Is it? I know it's used for sabot rounds, because it's so dense, and for
counterweights for aircraft control surfaces, because it's so dense, but
what else is it used for?
>Is it? I know it's used for sabot rounds, because it's so dense, and for
>counterweights for aircraft control surfaces, because it's so dense, but
>what else is it used for?
Keels for yachts is one almost trivial use. In aircraft too, there's a lump
of DU in B747s which is used to balance the aircraft. I don't have any more
specific uses in my head, but it seems to be an extremely common substitute
for lead these days, as a weight, presumably because it's so much less
toxic.
--
Peter
These uses of plutonium and the relative toxicity are interesting when
you consider the uproar concerning its use as a power source on
satellites. Is this going to start that thread again?
--
Jim Esler
Brian Trosko <btr...@primenet.com> writes:
>
>Is it?

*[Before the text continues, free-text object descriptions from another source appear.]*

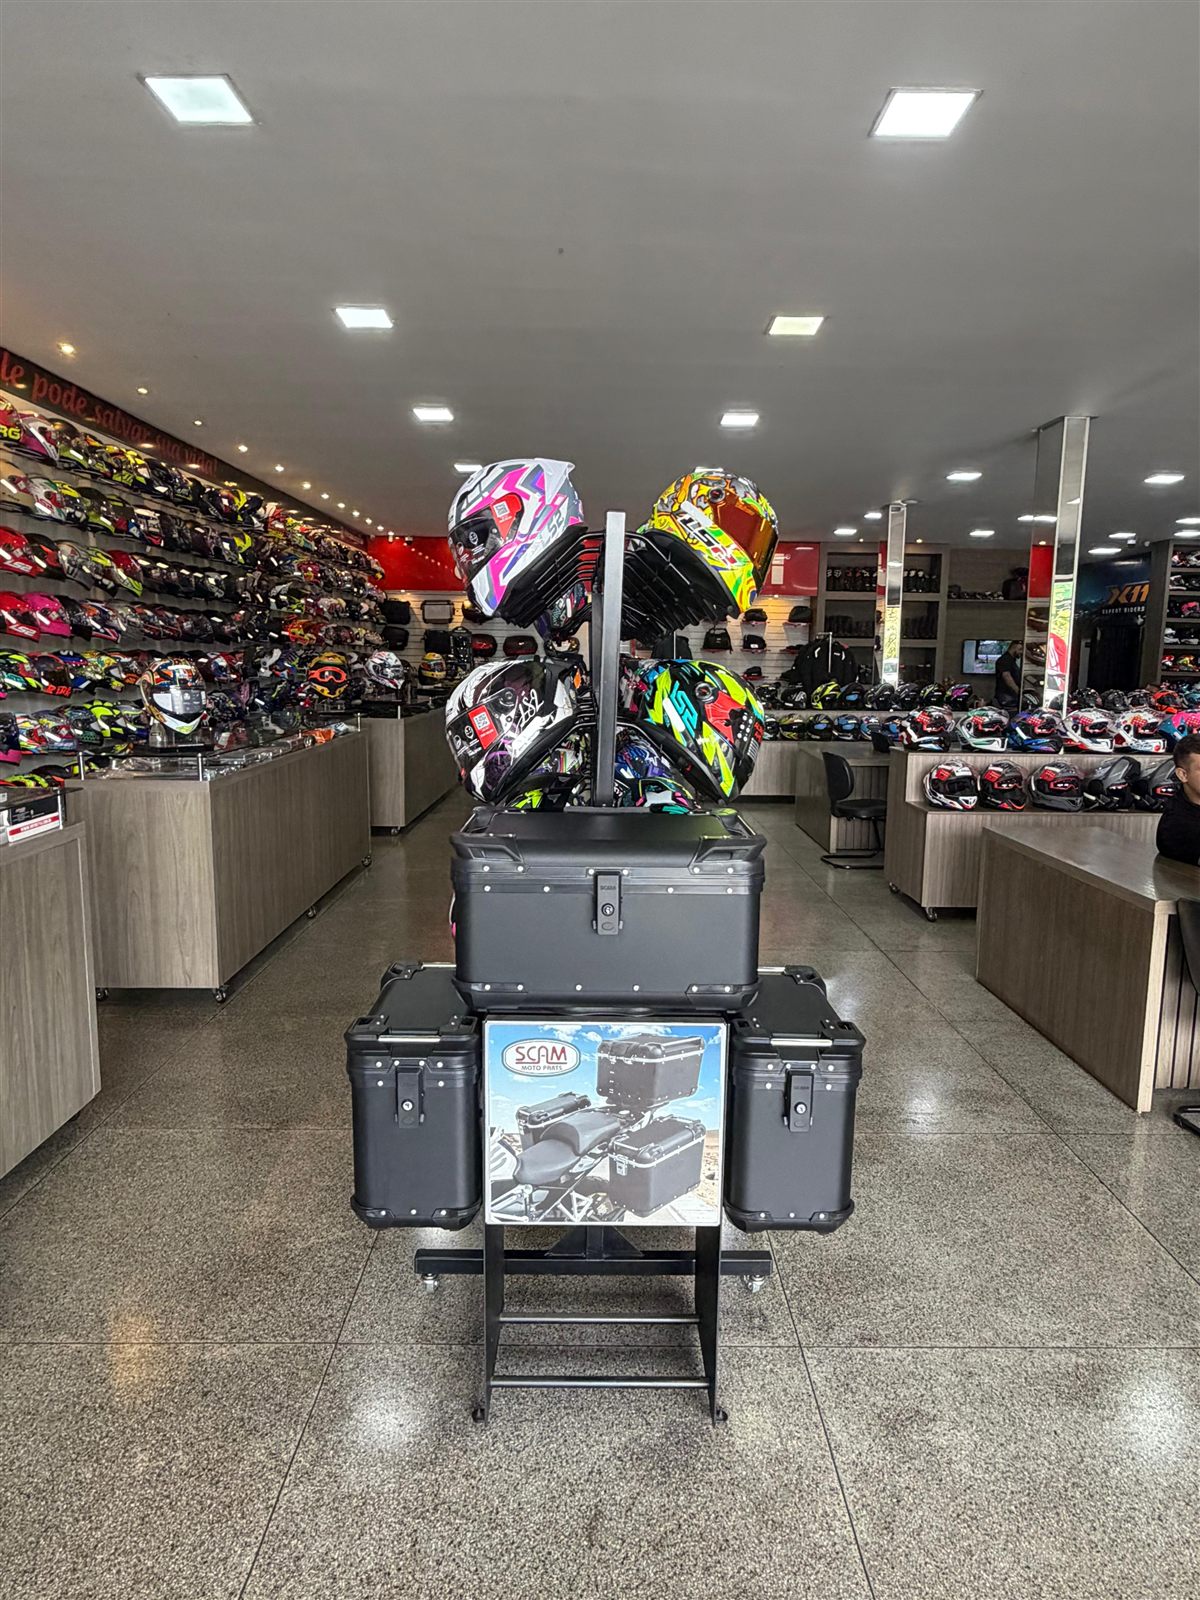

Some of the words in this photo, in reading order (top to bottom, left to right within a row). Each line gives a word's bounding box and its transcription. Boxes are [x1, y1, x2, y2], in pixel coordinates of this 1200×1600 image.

[32, 373, 87, 415] pode
[95, 404, 149, 441] salvar
[3, 560, 33, 573] LS2
[1105, 581, 1150, 604] X11
[8, 623, 37, 637] LS2
[517, 688, 545, 724] LS2
[670, 680, 698, 739] LS2
[515, 1045, 567, 1064] SCAM

I know it's used for sabot rounds, because it's so dense, and for
>counterweights for aircraft control surfaces, because it's so dense, but
>what else is it used for?
A colleague here says he got an offer for a "titanium Master Card";
maybe "depleted uranium Visa" will be next.
--
James A. Carr <j...@scri.fsu.edu> | Commercial e-mail is _NOT_
http://www.scri.fsu.edu/~jac/ | desired to this or any address
Supercomputer Computations Res. Inst. | that resolves to my account
Florida State, Tallahassee FL 32306 | for any reason at any time.

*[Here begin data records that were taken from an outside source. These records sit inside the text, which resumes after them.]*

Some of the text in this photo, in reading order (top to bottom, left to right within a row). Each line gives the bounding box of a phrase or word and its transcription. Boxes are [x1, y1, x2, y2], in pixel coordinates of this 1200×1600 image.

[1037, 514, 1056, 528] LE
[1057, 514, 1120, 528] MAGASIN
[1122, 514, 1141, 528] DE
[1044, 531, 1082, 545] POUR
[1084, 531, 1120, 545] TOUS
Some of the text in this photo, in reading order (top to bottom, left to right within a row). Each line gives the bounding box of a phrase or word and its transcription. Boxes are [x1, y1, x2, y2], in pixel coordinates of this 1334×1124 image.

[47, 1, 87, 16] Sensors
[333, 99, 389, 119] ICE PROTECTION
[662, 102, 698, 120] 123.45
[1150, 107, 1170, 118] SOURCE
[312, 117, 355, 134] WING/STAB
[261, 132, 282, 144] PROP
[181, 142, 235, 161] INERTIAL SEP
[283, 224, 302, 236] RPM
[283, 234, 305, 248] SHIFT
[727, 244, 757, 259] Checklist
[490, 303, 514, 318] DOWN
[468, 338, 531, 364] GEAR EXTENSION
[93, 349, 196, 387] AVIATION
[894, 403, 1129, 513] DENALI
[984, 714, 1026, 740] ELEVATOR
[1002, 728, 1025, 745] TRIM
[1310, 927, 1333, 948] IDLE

Nuclear shielding, for one. It's better than lead. DU has quite
an industry behind it. In past research projects, I've gotten familiar
with companies that custom fabricate DU artifacts and shields.
Cheers!
Chip Shults
Jim Esler wrote:
>
> These uses of plutonium ....
Uh, the subject under discussion is depleted uranium.

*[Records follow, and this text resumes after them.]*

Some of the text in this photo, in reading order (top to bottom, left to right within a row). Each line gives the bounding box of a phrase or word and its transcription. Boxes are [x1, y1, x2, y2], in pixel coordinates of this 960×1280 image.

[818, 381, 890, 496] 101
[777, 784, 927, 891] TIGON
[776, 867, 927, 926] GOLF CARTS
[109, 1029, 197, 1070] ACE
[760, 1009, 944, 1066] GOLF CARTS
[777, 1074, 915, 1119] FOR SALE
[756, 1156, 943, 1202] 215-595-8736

Mildly radioactive, and extremely dense.
Unlike plutonium, it is not considered a nuclear weapons risk, and the
Department of Energy is looking for a way to dump many thousands of
tons of it on the market for a profit.
So far it's primary uses are in anti-tank weapons, armor, shielding of
much more radioactive stuff, and anyplace you need a dense material for
weight or counter-weight.
--
Chuck Stewart
Take out sphahmblohck for reply
zapkitty located at geocities lil' round thing com
"Anime-style catgirls: Proof that the end is nearer than you think :)"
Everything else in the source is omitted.